1) It is dynamically typed, unlike almost all other RDBMSes, and thus well-matched with Scheme.

2) It is zero-config and serverless (in the sense of there being no server at all, not in the sense of a server that someone else administers).  This matches the typical scale of a Scheme project.

3)  Because the databases are just single files, database permissions are aligned with Posix permissions.  There is no need for a completely separate user management system, which usually ends up being more of an impediment than an asset.  For the same reason, the database files are highly transportable; they can even be checked into version-control systems as binary artifacts.
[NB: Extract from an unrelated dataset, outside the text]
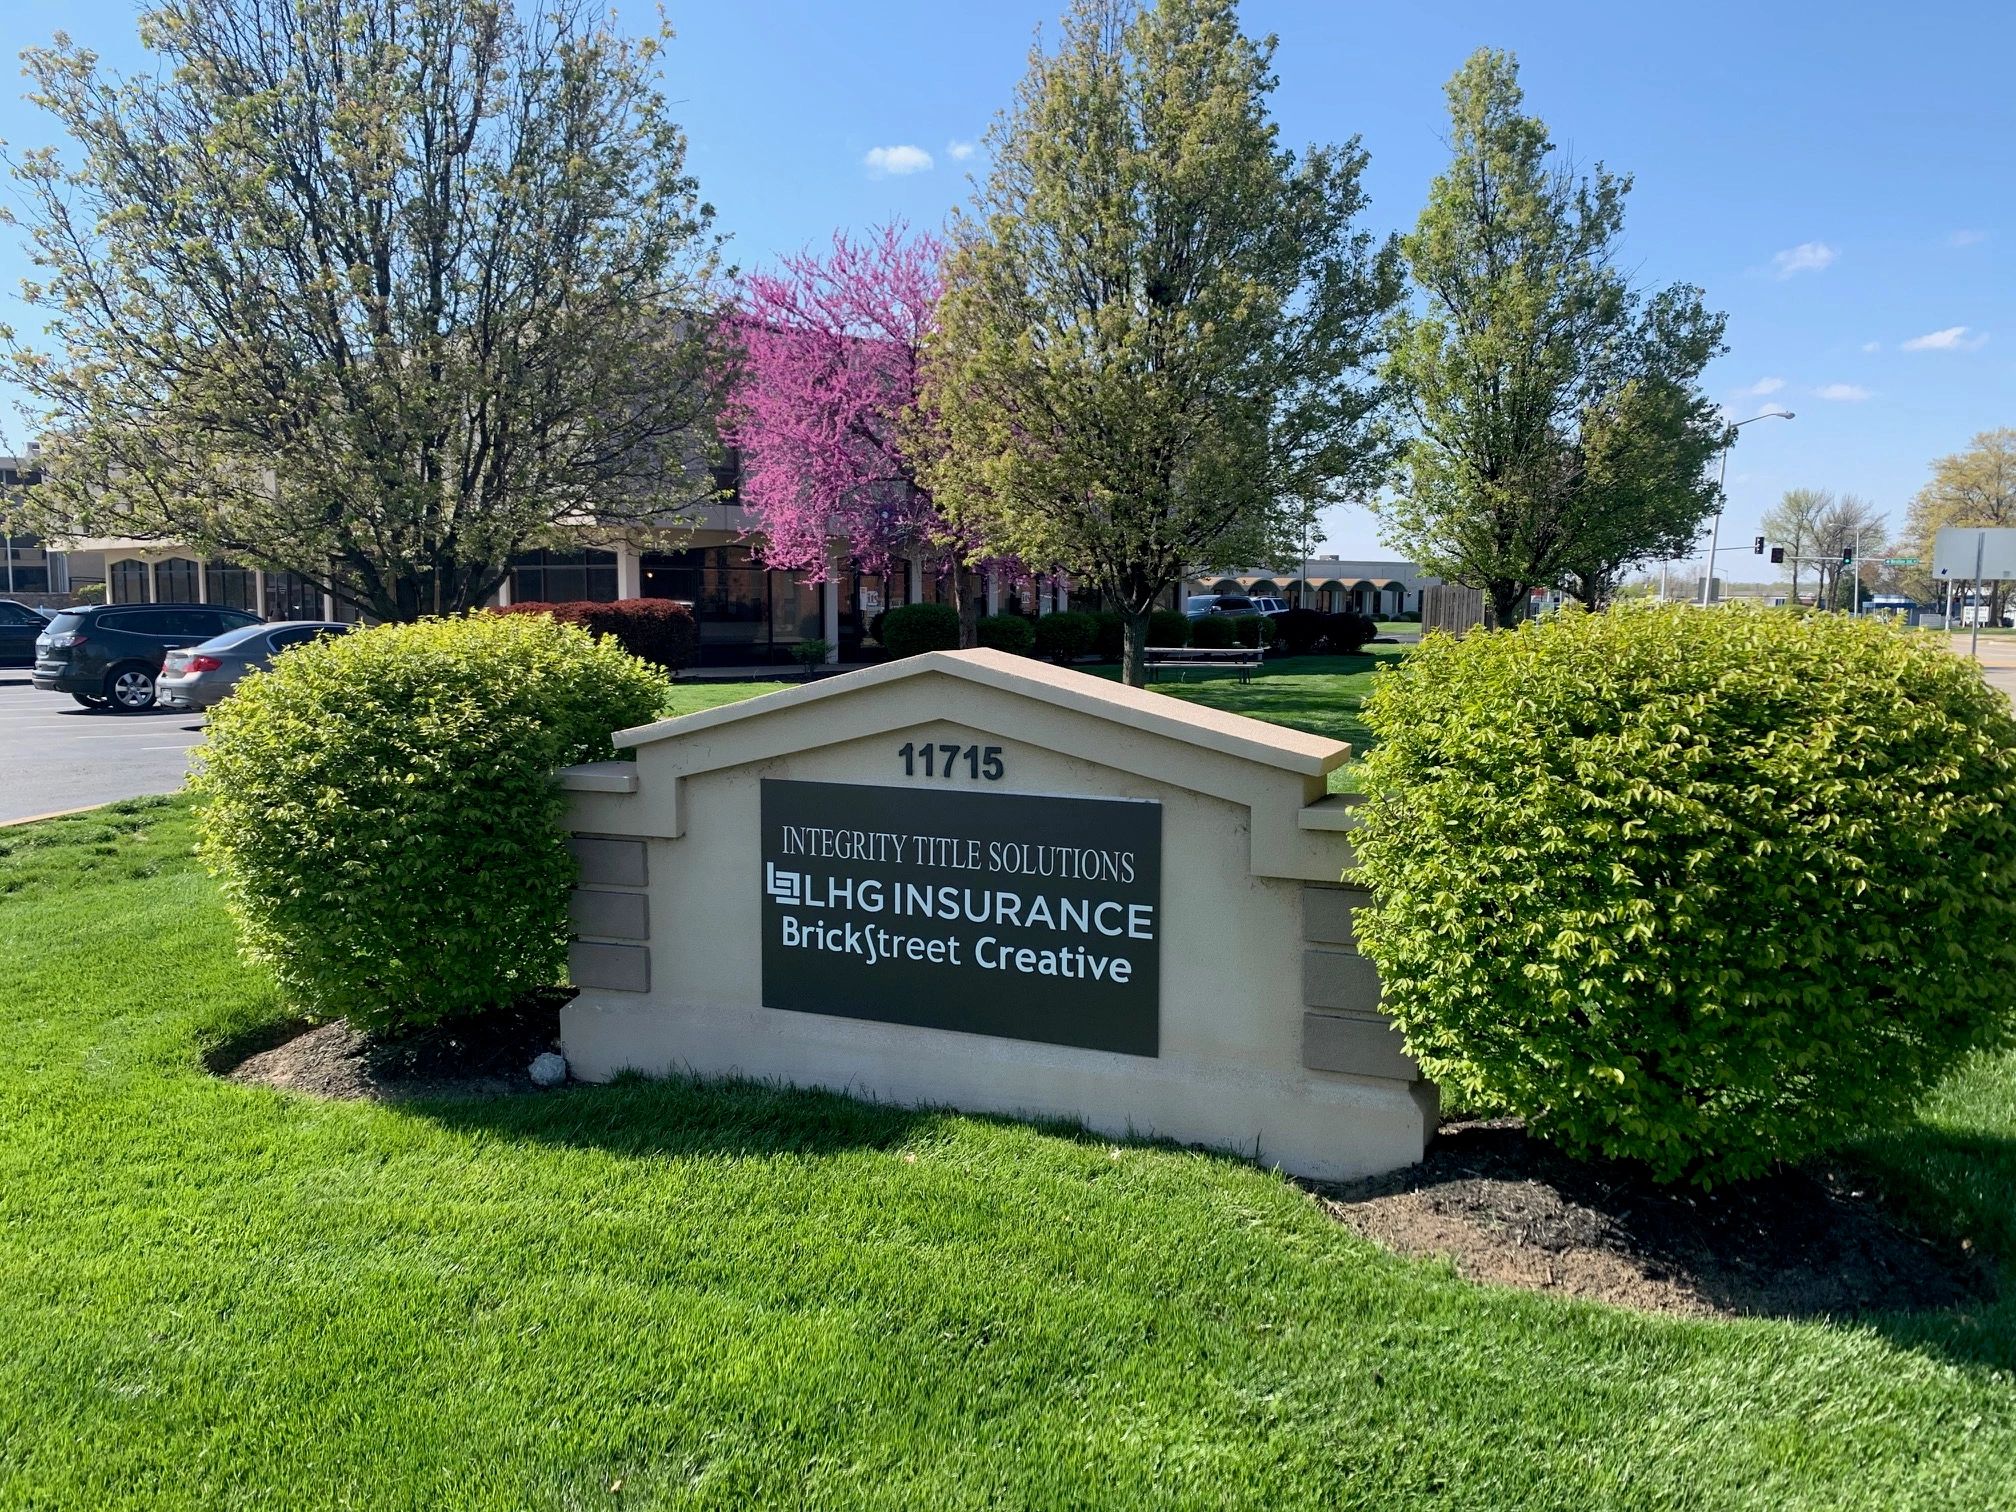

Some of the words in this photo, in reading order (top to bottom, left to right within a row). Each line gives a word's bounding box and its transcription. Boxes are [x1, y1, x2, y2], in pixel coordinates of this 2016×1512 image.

Of course it is not the be-all and end-all of RDBMSes, and it does require a certain amount of special-purpose or general-purpose FFI, unlike other RDBMSes that you can talk to over the network directly (provided the protocol is well-documented). I certainly don't reject the idea of a general-purpose ODBC-based SRFI, but it will be considerably more complicated to implement.

Databases come and go, and SQLite appears to have a low bus factor

The bus factor is 2, but <https://peerj.com/preprints/1233/> shows that of 133 widely-used GitHub projects, 60% have a bus factor <= 2, and 90% are <= 10.  For that matters, most Schemes have a BF of 1, and so does R7RS-large, I regret to say.

and suffers from political maladroitness,

If you mean the Rule of St. Benedict flap, they no longer use that as a CoC, and have in fact adopted the Mozilla CoC.  All projects make political blunders from time to time.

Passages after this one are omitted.